In considering Rajaa Alsanea’s novel “Girls of Riyadh,” the London Times Literary Supplement complained about the book’s use of tedious cliches in describing the world of young Saudi women.

A letter in the Sept. 28 issue of the TLS from Marilyn Booth, who translated the novel into English, explains what may have really gone on.

Reviewer Stephen Henighan, she writes, “is correct about the English text’s shortcomings. . . . When I submitted the translation . . . I was informed that the author intended to rewrite it, and thereafter I was kept entirely out of the process. The resulting text, with its cliched language, erasures of Arabic idioms I had translated, and unnecessary footnotes, does not reflect the care that I took to produce a lively, idiomatic translation.”

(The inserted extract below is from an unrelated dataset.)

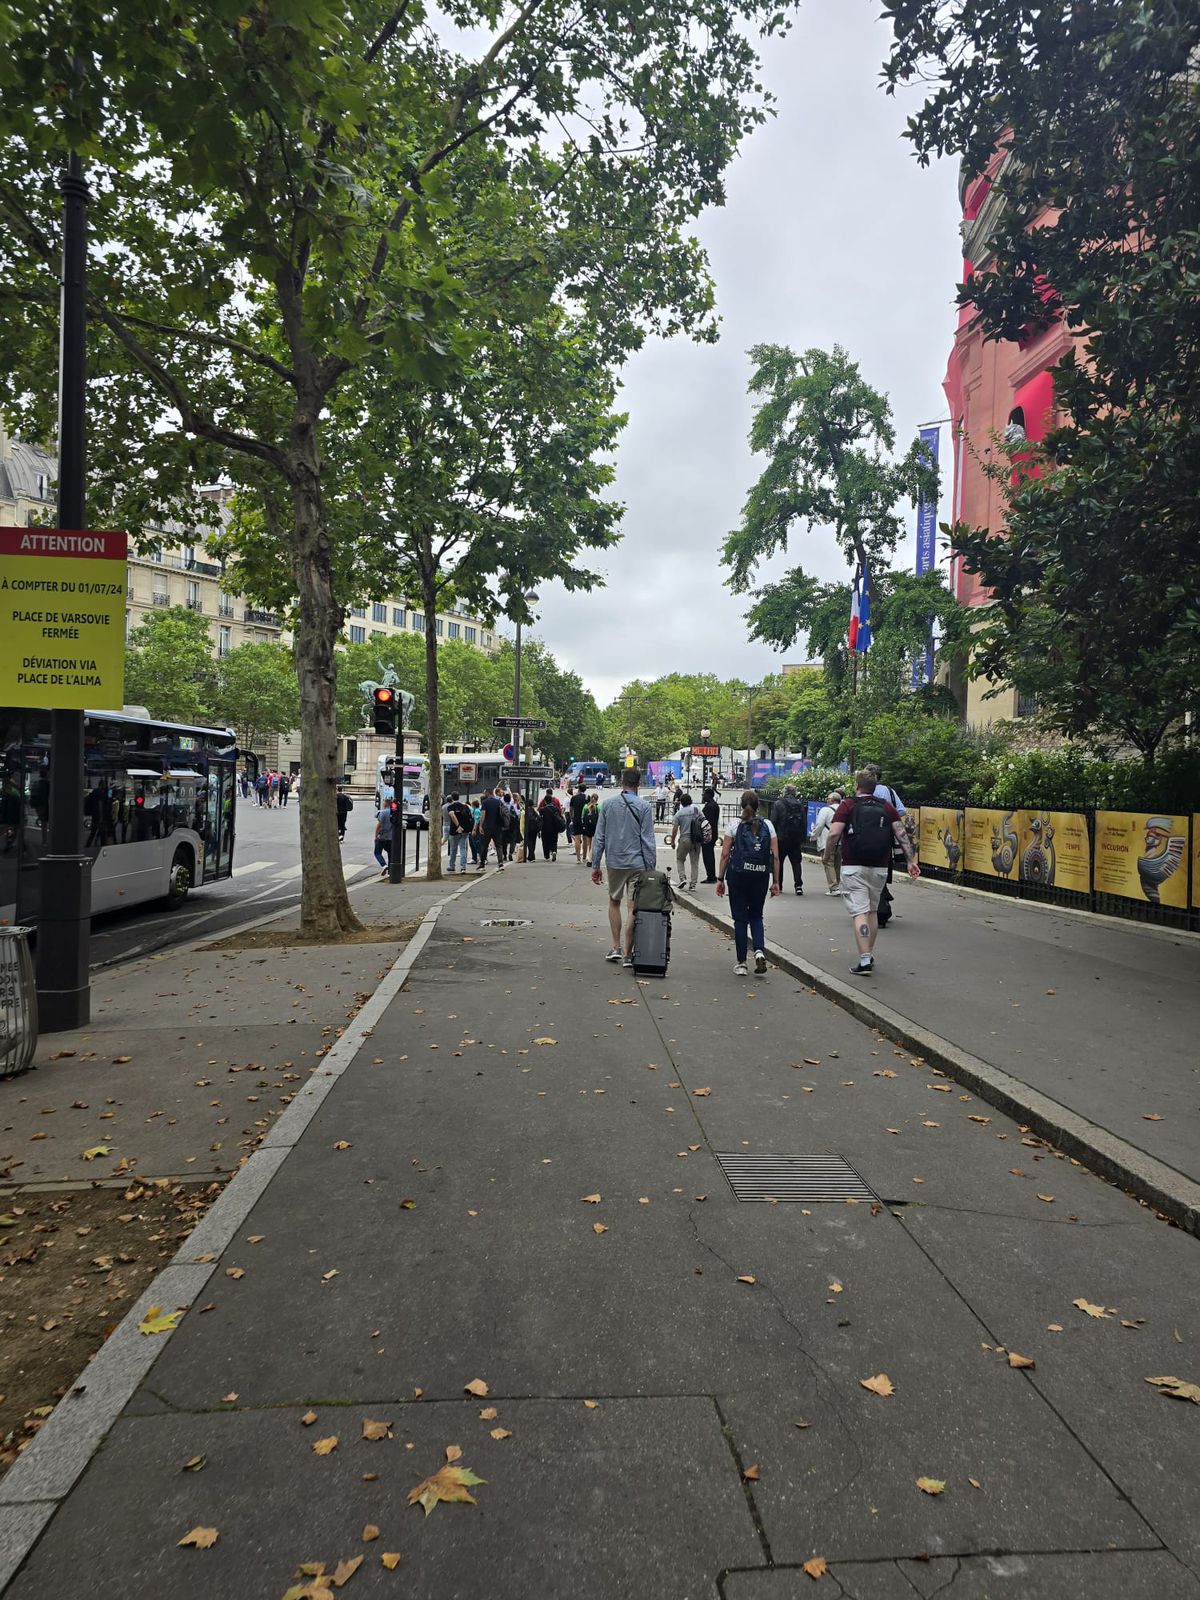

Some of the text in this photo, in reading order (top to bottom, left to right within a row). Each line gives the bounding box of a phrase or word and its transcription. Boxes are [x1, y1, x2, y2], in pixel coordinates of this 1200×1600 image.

The most troubling thing about Booth’s letter, however, is what it suggests about the conditions under which many translators work today. Booth, director of the University of Illinois’ program in South Asian and Middle Eastern Studies, evokes a demeaning, combative relationship with publishing houses. “Perhaps the larger scandal, “ she declares, “. . . is that for some publishers and writers, literary translators remain derivative servitors rather than creative artists, a notion fostered by a long tradition within Euro-American letters of the writer as solitary genius and translation as a mechanical exercise.”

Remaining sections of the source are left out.